■ Data records ■
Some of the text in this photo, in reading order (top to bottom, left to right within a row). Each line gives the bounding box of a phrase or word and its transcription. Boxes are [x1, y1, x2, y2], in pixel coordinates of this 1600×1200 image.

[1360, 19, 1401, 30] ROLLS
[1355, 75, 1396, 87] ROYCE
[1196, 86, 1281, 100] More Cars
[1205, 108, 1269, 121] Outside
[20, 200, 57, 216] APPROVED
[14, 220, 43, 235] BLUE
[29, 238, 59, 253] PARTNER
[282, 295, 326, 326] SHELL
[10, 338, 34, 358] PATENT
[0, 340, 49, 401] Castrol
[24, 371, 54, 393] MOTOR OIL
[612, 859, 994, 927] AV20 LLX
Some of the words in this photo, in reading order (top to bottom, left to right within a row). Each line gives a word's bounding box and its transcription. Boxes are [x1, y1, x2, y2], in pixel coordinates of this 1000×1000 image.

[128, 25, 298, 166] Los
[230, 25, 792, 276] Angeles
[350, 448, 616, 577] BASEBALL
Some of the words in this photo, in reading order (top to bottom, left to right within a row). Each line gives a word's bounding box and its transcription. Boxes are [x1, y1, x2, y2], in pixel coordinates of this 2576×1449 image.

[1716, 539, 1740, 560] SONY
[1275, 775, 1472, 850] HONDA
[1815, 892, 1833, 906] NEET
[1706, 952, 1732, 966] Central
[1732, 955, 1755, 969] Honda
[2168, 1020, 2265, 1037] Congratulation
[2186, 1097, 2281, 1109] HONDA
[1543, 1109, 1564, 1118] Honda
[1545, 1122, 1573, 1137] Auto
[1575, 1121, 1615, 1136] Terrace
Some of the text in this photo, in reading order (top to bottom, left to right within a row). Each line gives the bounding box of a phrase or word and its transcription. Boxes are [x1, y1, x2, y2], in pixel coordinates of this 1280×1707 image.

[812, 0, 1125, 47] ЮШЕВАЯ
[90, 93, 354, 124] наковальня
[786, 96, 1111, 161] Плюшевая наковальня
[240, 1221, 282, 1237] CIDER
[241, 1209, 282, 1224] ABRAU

■ What the task requires ■
All that is needed is the line containing "this 2576×1449 image." and each line after it to the end of the data above, set down exactly.

■ Result for this exercise ■
Some of the words in this photo, in reading order (top to bottom, left to right within a row). Each line gives a word's bounding box and its transcription. Boxes are [x1, y1, x2, y2], in pixel coordinates of this 2576×1449 image.

[1716, 539, 1740, 560] SONY
[1275, 775, 1472, 850] HONDA
[1815, 892, 1833, 906] NEET
[1706, 952, 1732, 966] Central
[1732, 955, 1755, 969] Honda
[2168, 1020, 2265, 1037] Congratulation
[2186, 1097, 2281, 1109] HONDA
[1543, 1109, 1564, 1118] Honda
[1545, 1122, 1573, 1137] Auto
[1575, 1121, 1615, 1136] Terrace
Some of the text in this photo, in reading order (top to bottom, left to right within a row). Each line gives the bounding box of a phrase or word and its transcription. Boxes are [x1, y1, x2, y2], in pixel coordinates of this 1280×1707 image.

[812, 0, 1125, 47] ЮШЕВАЯ
[90, 93, 354, 124] наковальня
[786, 96, 1111, 161] Плюшевая наковальня
[240, 1221, 282, 1237] CIDER
[241, 1209, 282, 1224] ABRAU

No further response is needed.